Studies show vaccines protect against serious Omicron illness

Old woman in wheelchair getting COVID vaccine
Old woman in wheelchair getting COVID vaccine

Edwin J. Torres, NJ Governor's Office / Flickr cc

A pair of new studies that sized up how COVID-19 vaccines affected hospitalizations, including during the Omicron variant surge, found that mRNA vaccines were highly effective against severe illness and that unvaccinated people were 12 times more likely to be hospitalized compared with those who had received a booster, with the risk especially high in Black patients.

In other COVID-19 developments, Moderna yesterday file for approval for emergency use for fourth doses of its mRNA vaccine as surges in Asian hot spots continued at very high levels.

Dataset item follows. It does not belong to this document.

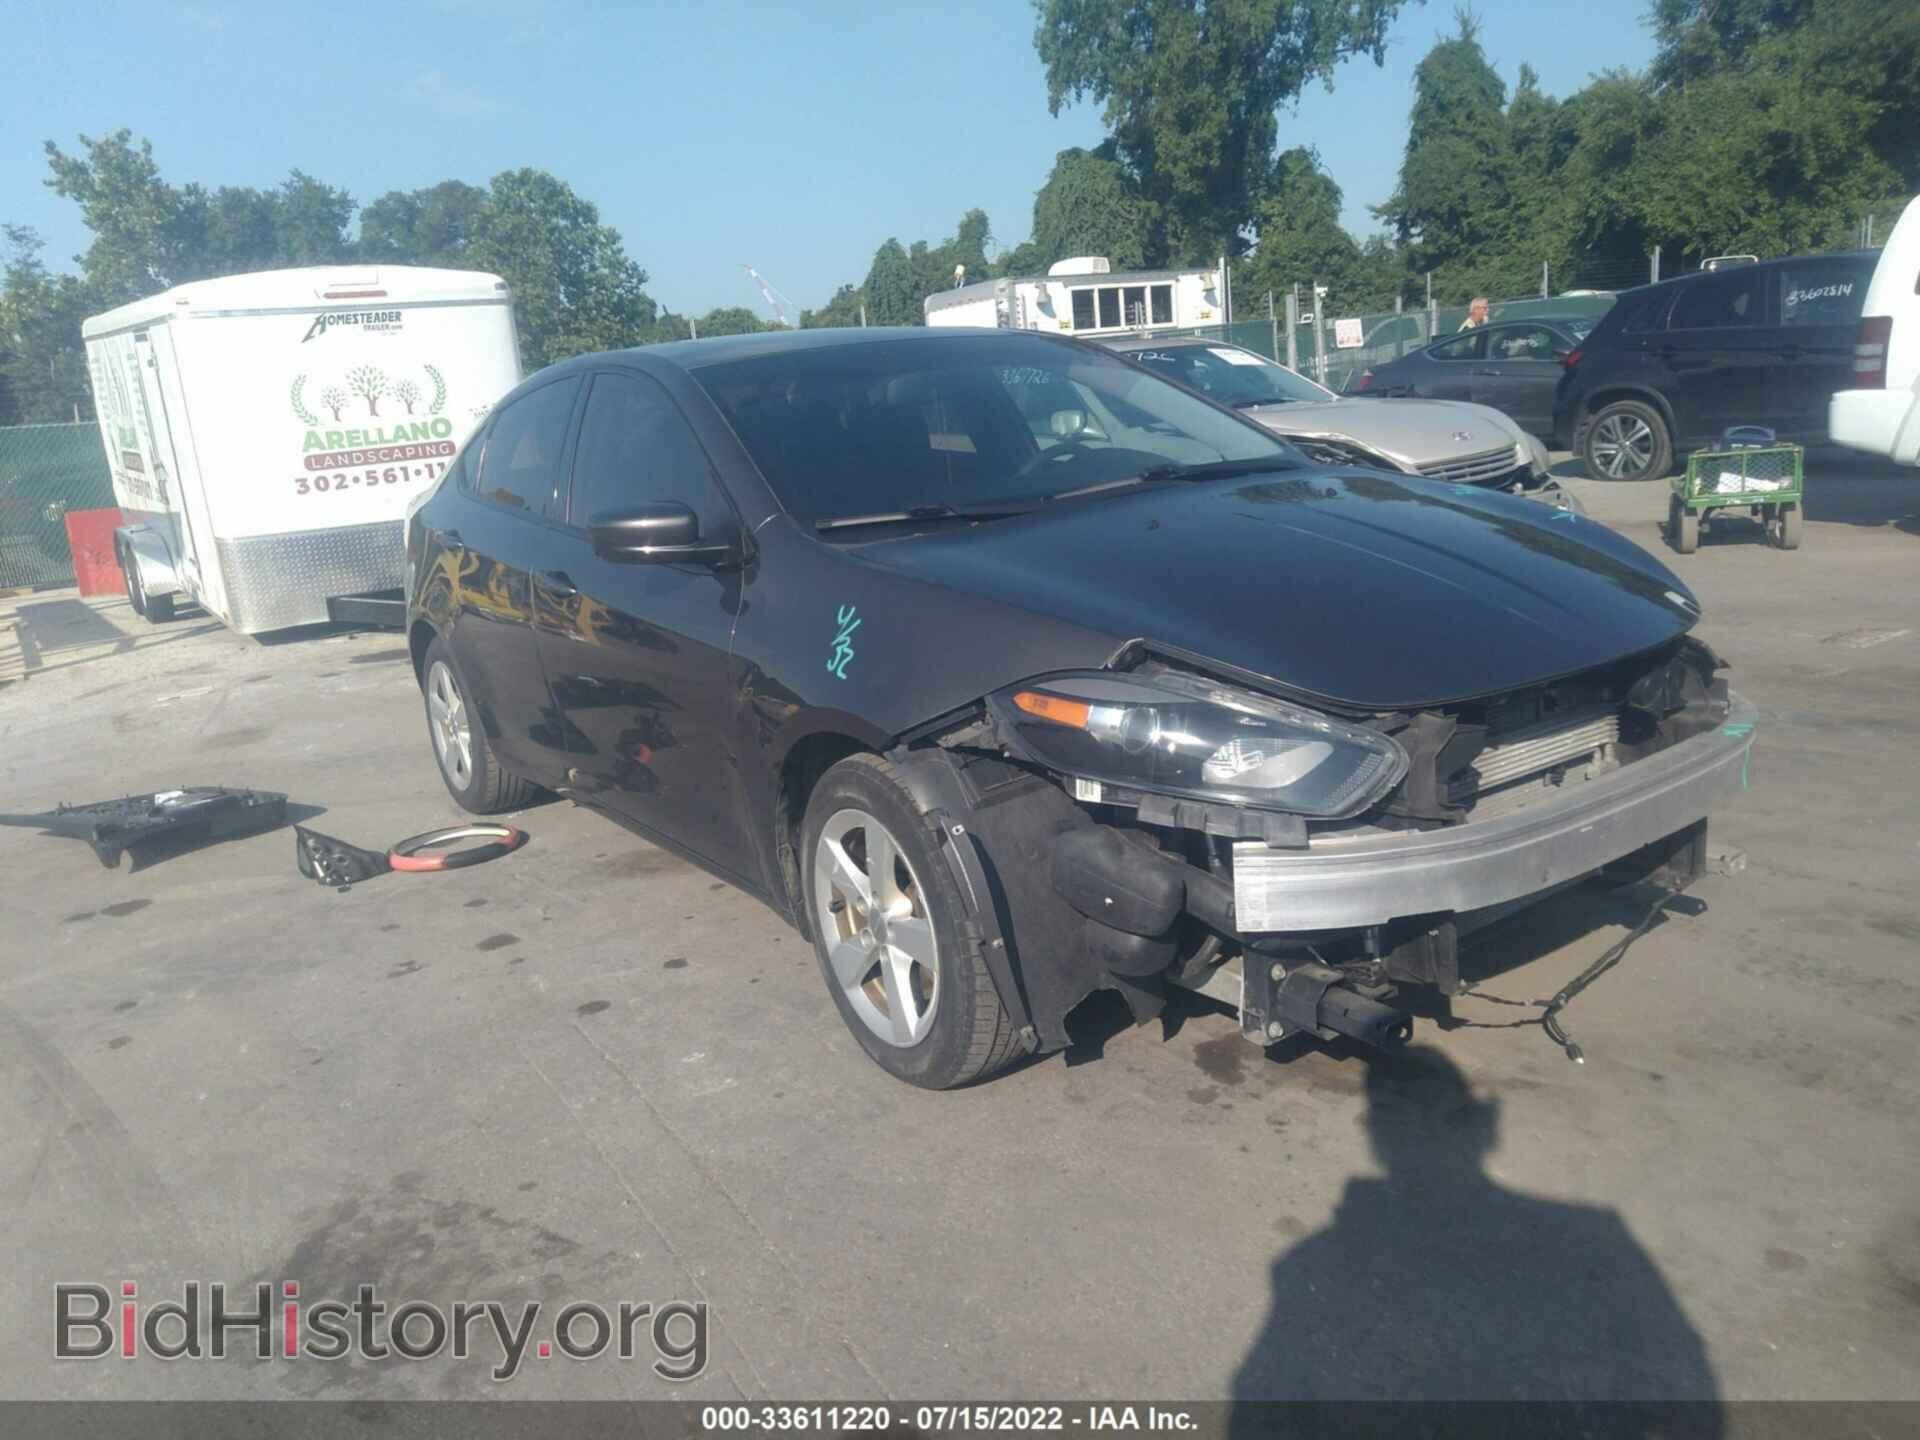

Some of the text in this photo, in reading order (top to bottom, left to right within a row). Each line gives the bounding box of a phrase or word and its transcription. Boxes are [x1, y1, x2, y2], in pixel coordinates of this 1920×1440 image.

[301, 311, 402, 343] HOMESTEADER
[303, 417, 453, 452] ARELLANO
[310, 442, 451, 470] LANDSCAPING

Vaccines, boosters crucial tool

The authors of both studies assessed how well vaccination protected against hospitalization during the worst of the Omicron surge and compared it with how well the vaccines held up during the Delta surge. Both studies were published today in Morbidity and Mortality Weekly Report (MMWR).

The first study examined how mRNA vaccines protected against the most severe outcomes, defined as ventilator treatment or death. The authors looked for any differences between patients who had gotten their primary series and those who had also received a third dose.

The case-control study is based on data from a multistate hospital network and included adults ages 18 and older who were hospitalized with COVID-19 symptoms from Mar 11, 2021 through Jan 23, 2022. Of 7,544 patients, 1,440 had lab-confirmed COVID and 6,104 controls tested negative.

Patients who received two or three doses had a 90% reduced risk for ventilator treatment or death from COVID-19. During the Omicron surge, those who had received a booster dose had a 94% reduced risk of the two severe outcomes.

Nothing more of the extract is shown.